Mr Gore commented that Peet has continually focussed on reducing its fixed corporate overhead and efficiently managing its asset base with a view to maximising returns on invested capital.

“Over the last several years, the Group has been investing in its information and digital platforms to improve the efficiency of its workflows and the gathering of data to drive enquiry and increase sales. At the same time, the Group continually reviews its c.48,000-lot portfolio to identify opportunities to recycle capital,” said Mr Gore.

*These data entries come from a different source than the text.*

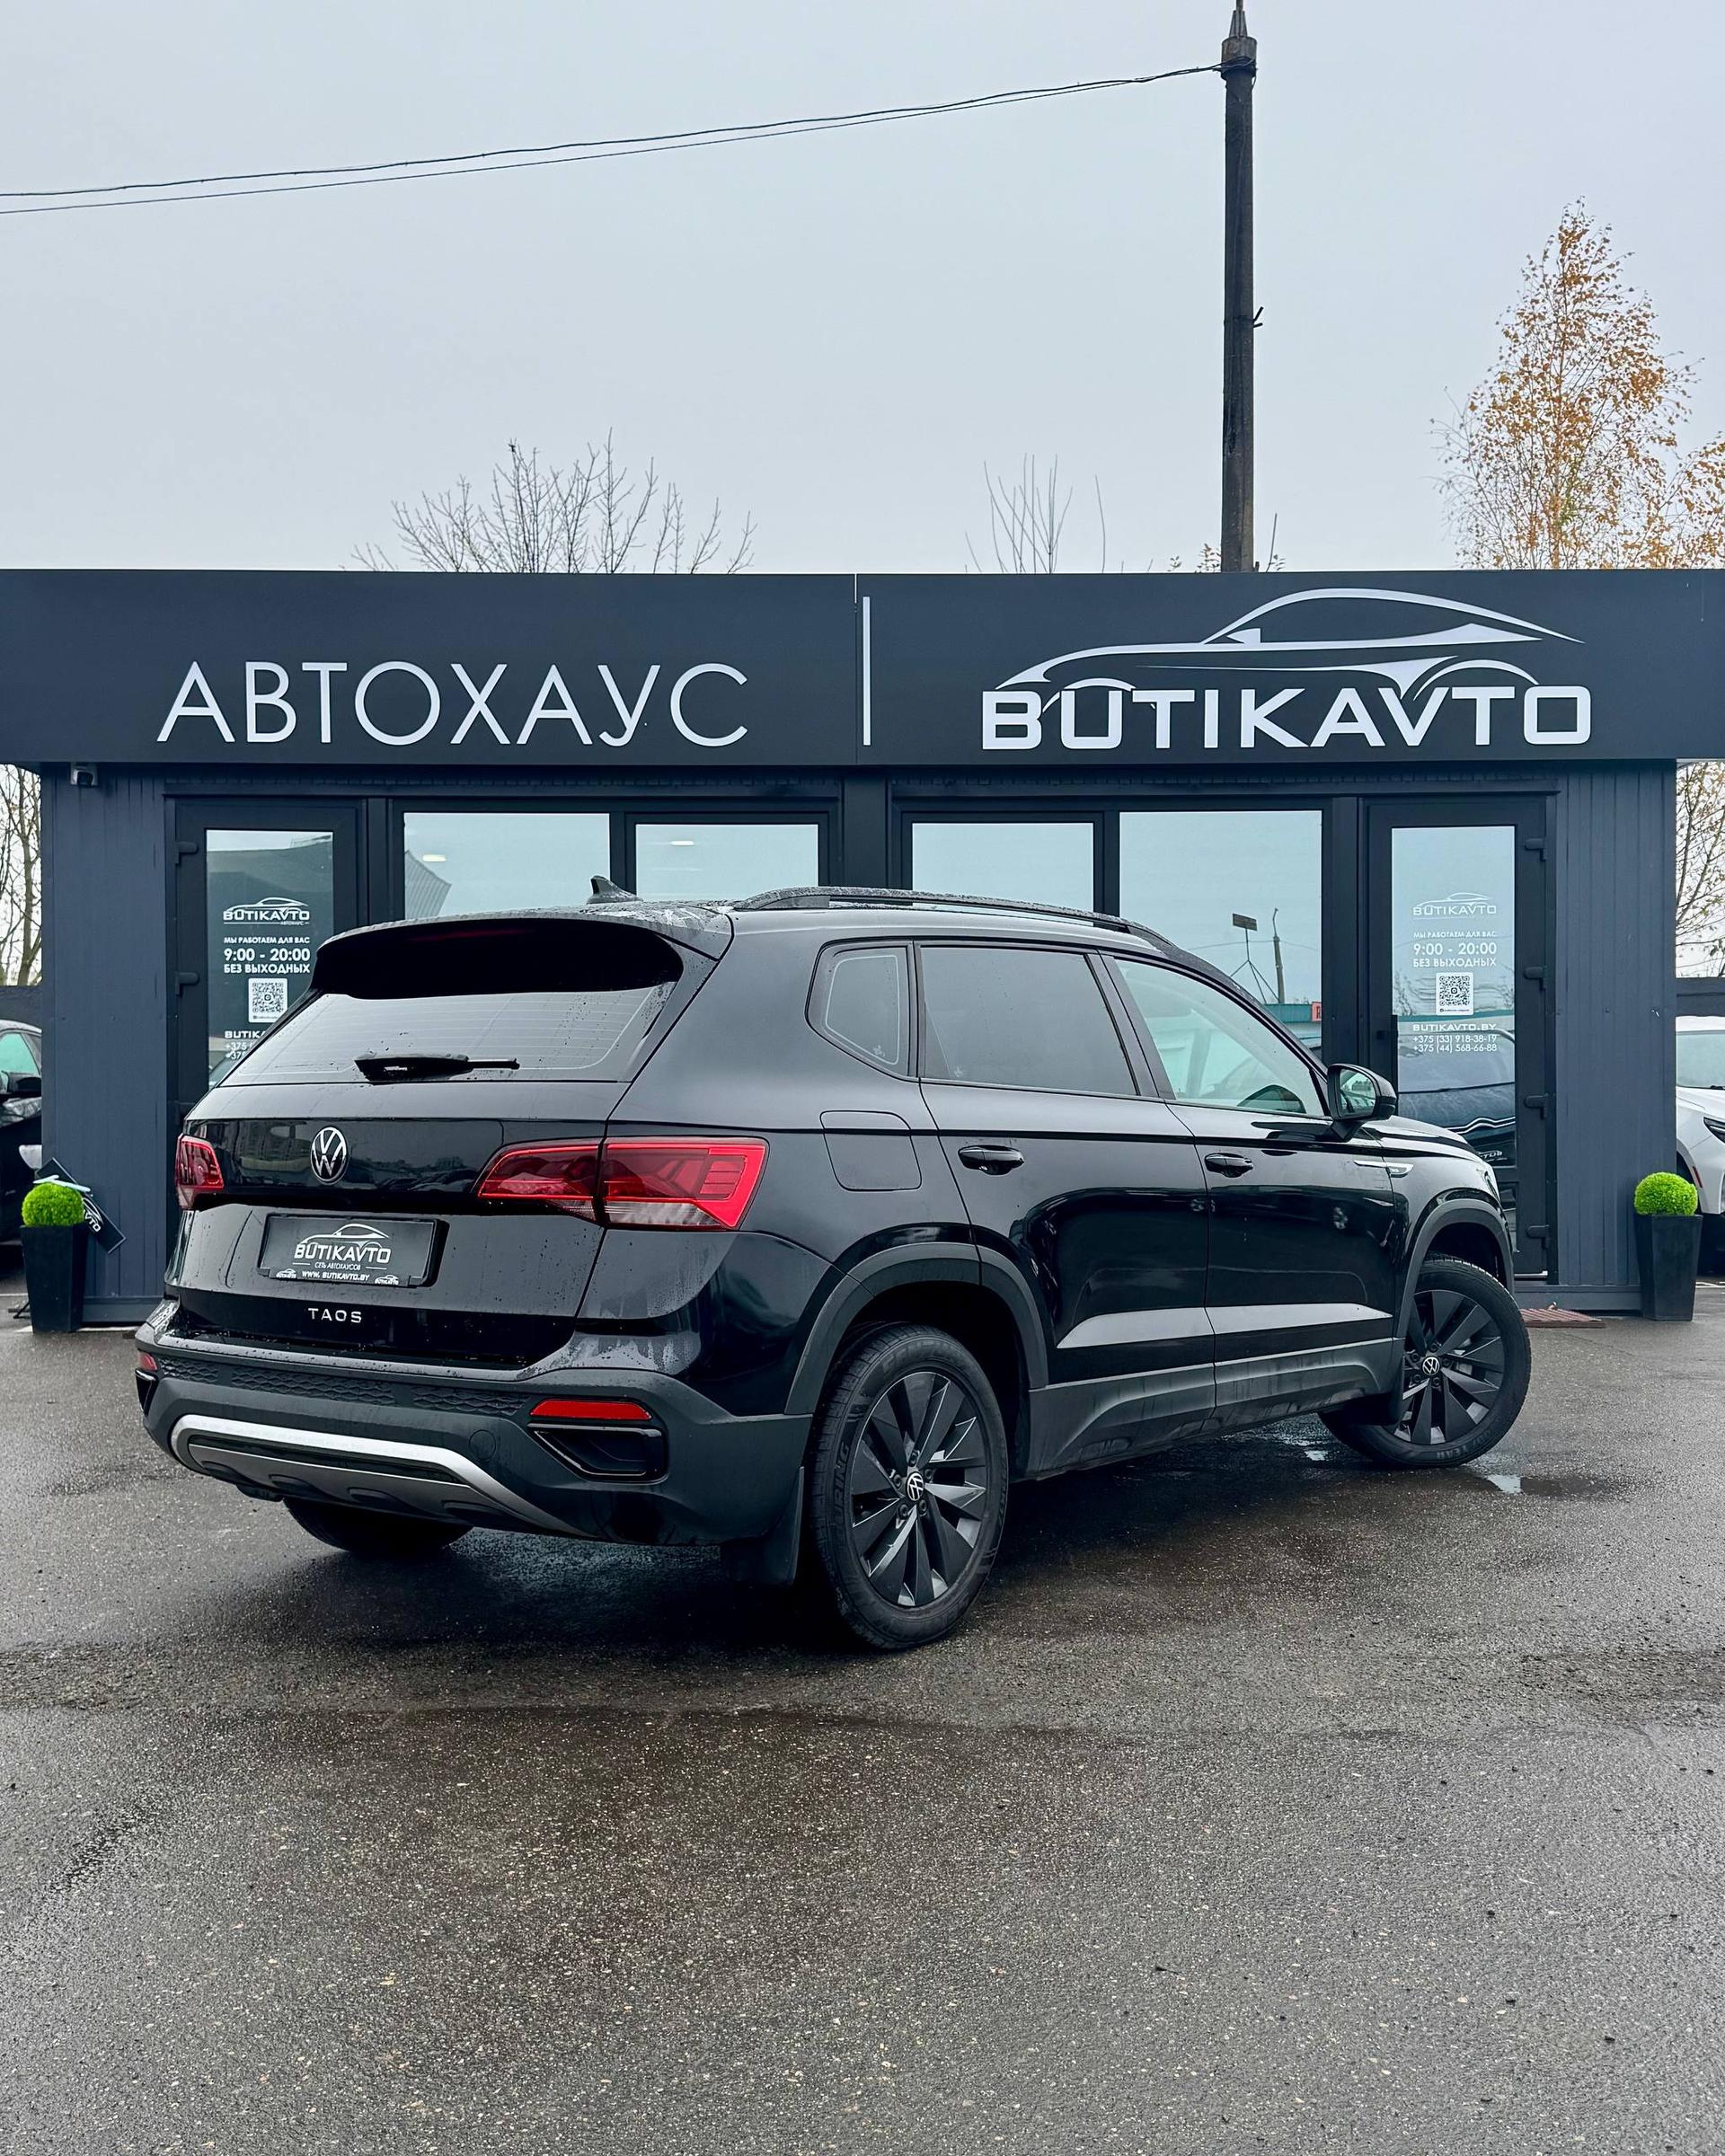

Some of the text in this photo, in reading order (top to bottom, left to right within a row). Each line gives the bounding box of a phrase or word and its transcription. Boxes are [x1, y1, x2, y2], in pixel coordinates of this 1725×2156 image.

[156, 660, 748, 747] АВТОХАУС
[981, 685, 1593, 750] BUTIKAVTO
[223, 910, 310, 921] BUTIKAVTO
[1412, 906, 1498, 915] BUTIKAVTO
[278, 936, 294, 944] ДЛЯ
[1413, 942, 1443, 956] 9:00
[1458, 941, 1498, 955] 20:00
[224, 948, 255, 961] 9:00
[270, 948, 311, 961] 20:00
[224, 963, 311, 974] БЕЗ ВЫХОДНЫХ
[1412, 958, 1497, 968] БЕЗ ВЫХОДНЫХ
[1412, 1023, 1498, 1032] BUTIKAVTO.BY
[1413, 1034, 1497, 1045] +375 (33) 918-38-19
[1413, 1043, 1498, 1054] +375 (44) 568-66-88
[294, 1243, 391, 1264] BUTIKAVTO
[307, 1307, 362, 1324] TAOS

With a view to resetting the focus of the business on key growth corridors around the country, Peet will seek to divest non-core projects, including regional and sub-regional projects. The expectation is that this will result in the recycling of c.$75 million of capital over the next 18 to 24 months to further strengthen the Group’s balance sheet. This will assist in streamlining the business and simplifying its operating structure.

“The efficiencies arising from the investment in internal system improvements and the divestment of a number of projects have meant making some difficult decisions, including reducing the number of people employed by the Group. This is an unfortunate outcome and is in no way a reflection of their value or contribution to the Group. These decisions are difficult but necessary to ensure the Group is well positioned for the post-COVID-19 environment and to consider investment opportunities should they arise,” said Mr Gore.

It’s expected that these measures will result in annualised overhead and fixed cost savings of $5-7 million once fully implemented in 2H21, and in a one-off provision of c.$45 million after tax in FY20.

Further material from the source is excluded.